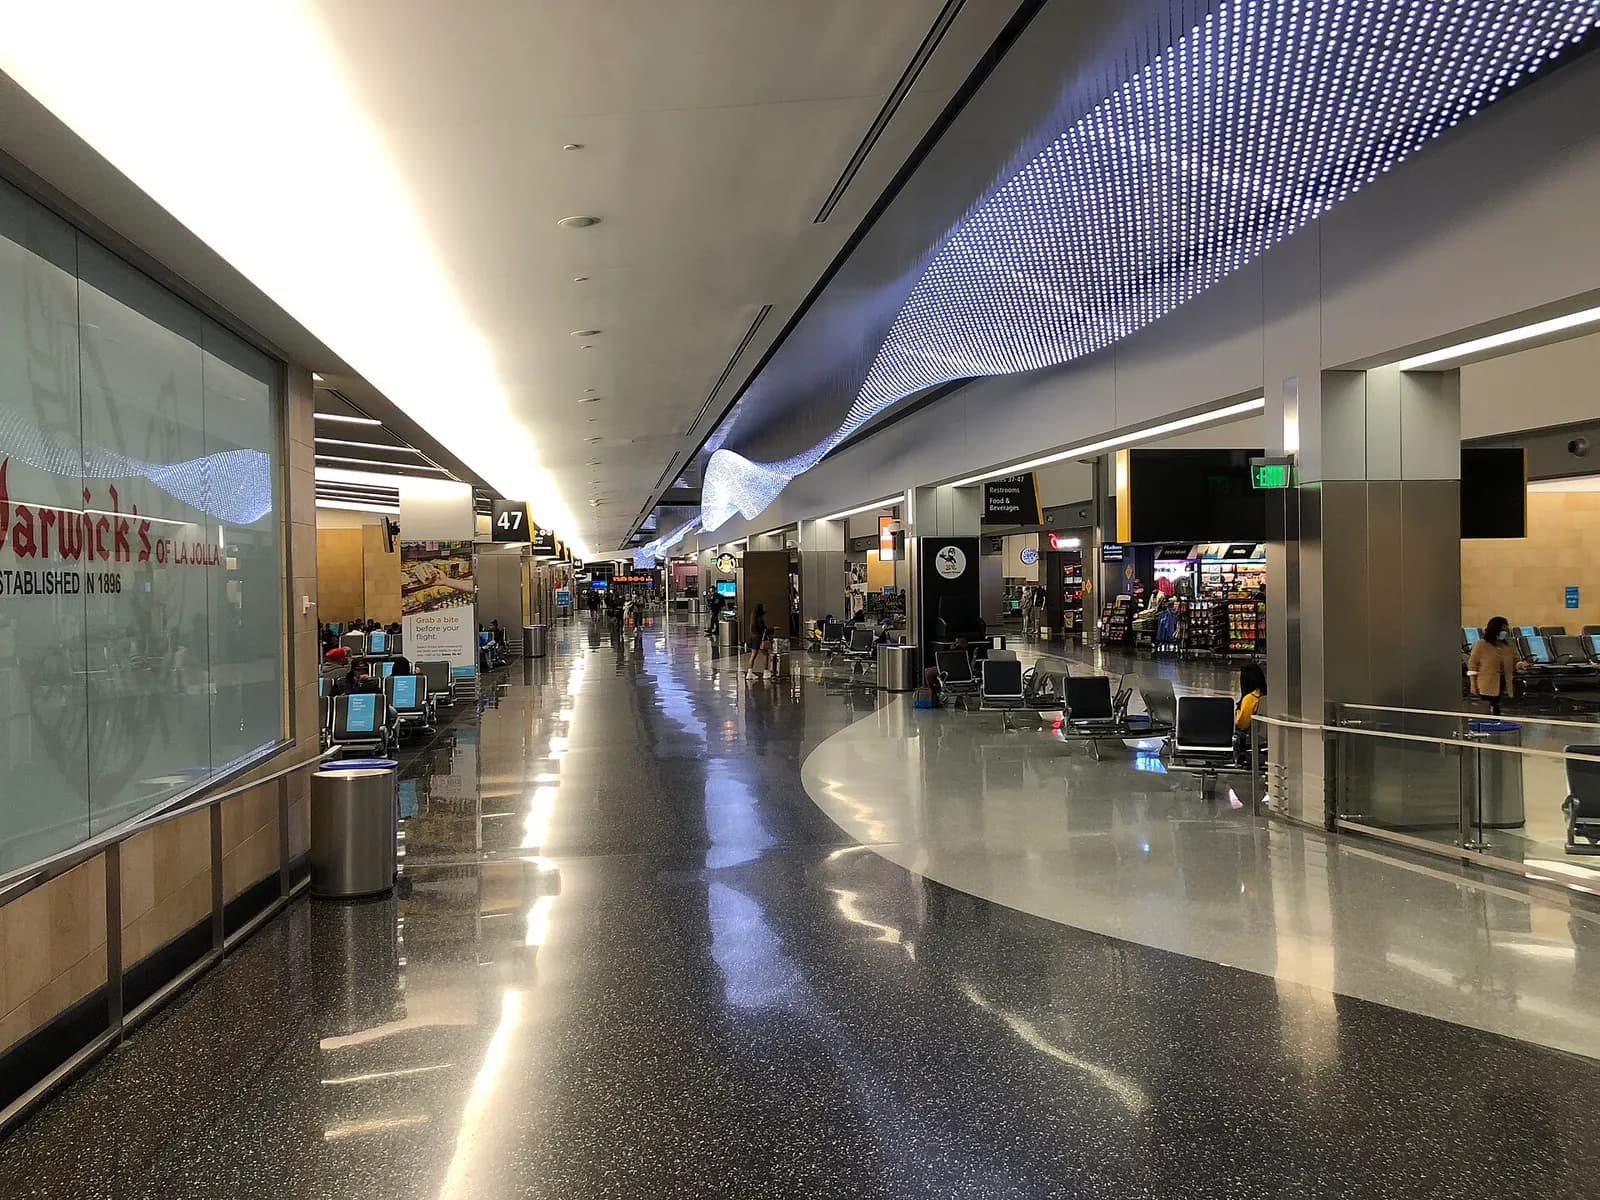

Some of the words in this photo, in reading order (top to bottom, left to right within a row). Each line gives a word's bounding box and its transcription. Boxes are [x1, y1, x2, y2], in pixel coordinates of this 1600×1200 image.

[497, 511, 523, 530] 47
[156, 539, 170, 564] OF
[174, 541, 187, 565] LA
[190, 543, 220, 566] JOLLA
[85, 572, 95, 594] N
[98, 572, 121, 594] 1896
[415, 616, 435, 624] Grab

──────

__What the task asks__
All of the entries need to be retyped word for word, pictures excluded.

__Written response__
Some of the words in this photo, in reading order (top to bottom, left to right within a row). Each line gives a word's bounding box and its transcription. Boxes are [x1, y1, x2, y2], in pixel coordinates of this 1600×1200 image.

[497, 511, 523, 530] 47
[156, 539, 170, 564] OF
[174, 541, 187, 565] LA
[190, 543, 220, 566] JOLLA
[85, 572, 95, 594] N
[98, 572, 121, 594] 1896
[415, 616, 435, 624] Grab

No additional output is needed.